Tulane contracts Jung Hotel for students with COVID-19

Gabby Abrams, News Editor

Following an uptick in COVID-19 cases after Halloween, Tulane contracted with the Jung Hotel to house students who have tested positive for the virus. The Jung Hotel, located on Canal Street in the Central Business District, is occupied by 60 Tulane students and has a capacity for 158 more as of Wednesday night. 

Tulane is still using its other two isolation locations, Paterson Hall and the Hyatt Regency, to house students. Paterson Hall is used for students in isolation due to a positive COVID-19 test and has 76 students as of Wednesday. The Hyatt is for those quarantining due to being considered a close contact, having been within six feet of someone who tested positive for 15 minutes or more. 183 students are quarantining there as of Nov. 10. 

Sophomore Jessie Lehman tested positive for COVID-19 on Saturday, Nov. 7 and is currently isolating in the Jung Hotel. 

“I was called by my contact tracer to let me know that I tested positive, and she said that I could either go to the Jung Hotel where they were now placing people because I think Paterson had filled up at that point, or I could make my own accommodations,” Lehman said. 

Lehman chose to stay at the Jung Hotel because it was free and she is the only one of her friends who has tested positive for the virus thus far. Nurses and hotel staff members care for Lehman and other COVID-19 patients, delivering their meals to their door three times a day. 

“We are checked on by nurses several times a day — always once in the morning and once at night,” Lehman said. “They take your temperature and see if you need anything, and then yesterday and today I was also checked on once during the middle of the day just to see if I had any new symptoms or needed anything. And we are also given the nurse on duty’s phone number so we can text or call if we need medicine or need medical attention.” 

Unlike students quarantining in the Hyatt, students at the Jung Hotel are not given any “outside time.” However, between the hours of 8 a.m. and 8 p.m. they are allowed to go on short walks around the fourth floor hallway, where most Tulane students are residing, with a mask on. In order to avoid exposure to nurses and other staff members, students are told to keep their walks brief, if at all. 

Tulane Executive Director of Public Relations Mike Strecker is confident that using the Jung Hotel as an additional area of isolation will help reduce COVID-19 cases for the remainder of the semester. 

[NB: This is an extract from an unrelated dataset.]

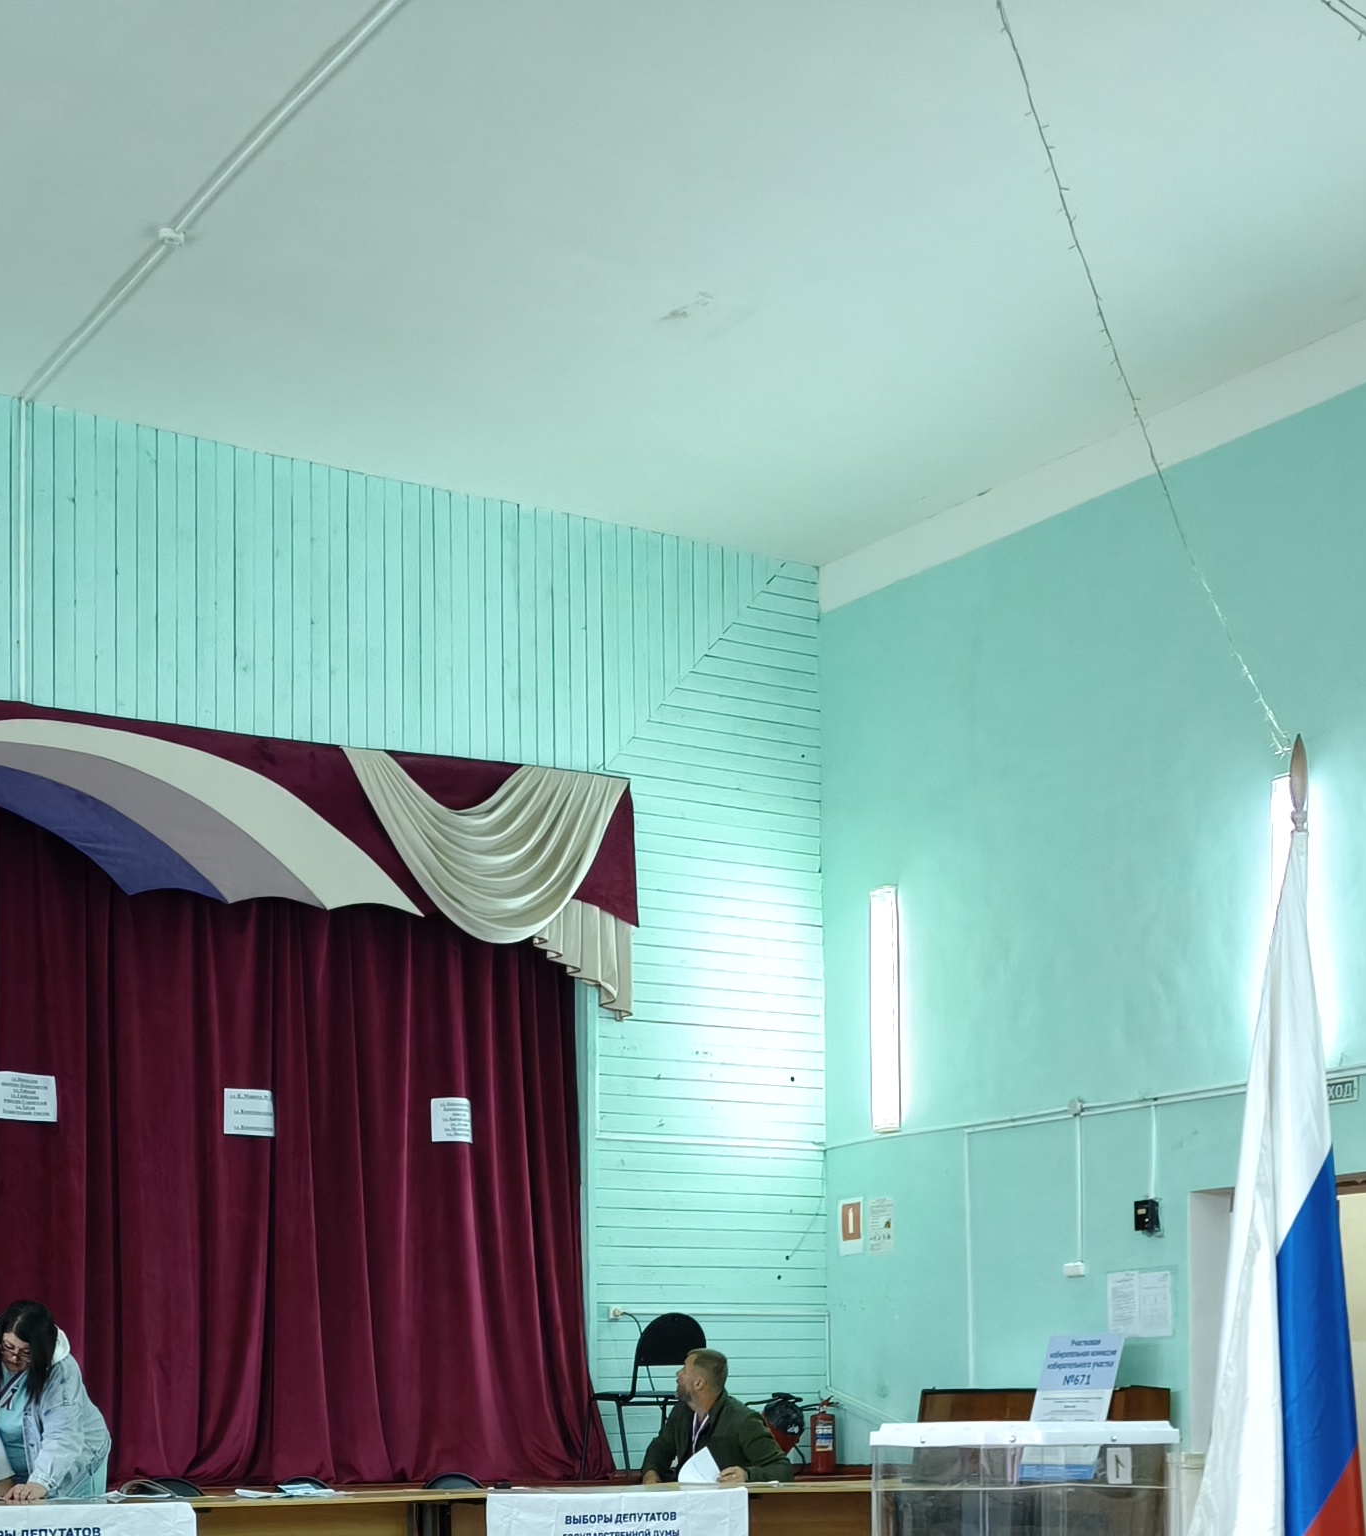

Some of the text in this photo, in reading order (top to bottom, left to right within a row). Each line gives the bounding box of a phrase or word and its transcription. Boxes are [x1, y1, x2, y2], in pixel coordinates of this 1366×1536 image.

[1326, 1083, 1353, 1099] ХОД
[565, 1511, 677, 1525] ВЫБОРЫ ДЕПУТАТОВ

“The recent uptick in COVID-19 cases following Hurricane Zeta and Halloween made it necessary that Tulane enact one of a variety of contingency plans — in place since before the beginning of the semester — to increase its capacity to isolate students who had tested positive for COVID-19,” Strecker said. “In response to this rise in cases, we have also greatly increased the frequency with which we test students and are already seeing encouraging signs that the increase in cases is leveling off. Through increased isolating space and stepped up testing efforts, we believe we can control further spread and, as a result, we will see our positivity rate return to its previous low levels — which were below the positivity rate for the city and state throughout the semester.”

Update Nov. 12: Students were initially allowed out on limited walks while quarantining at the Jung hotel but are now confined to their rooms, according to an email sent to students at 6:15 p.m. on Nov. 11.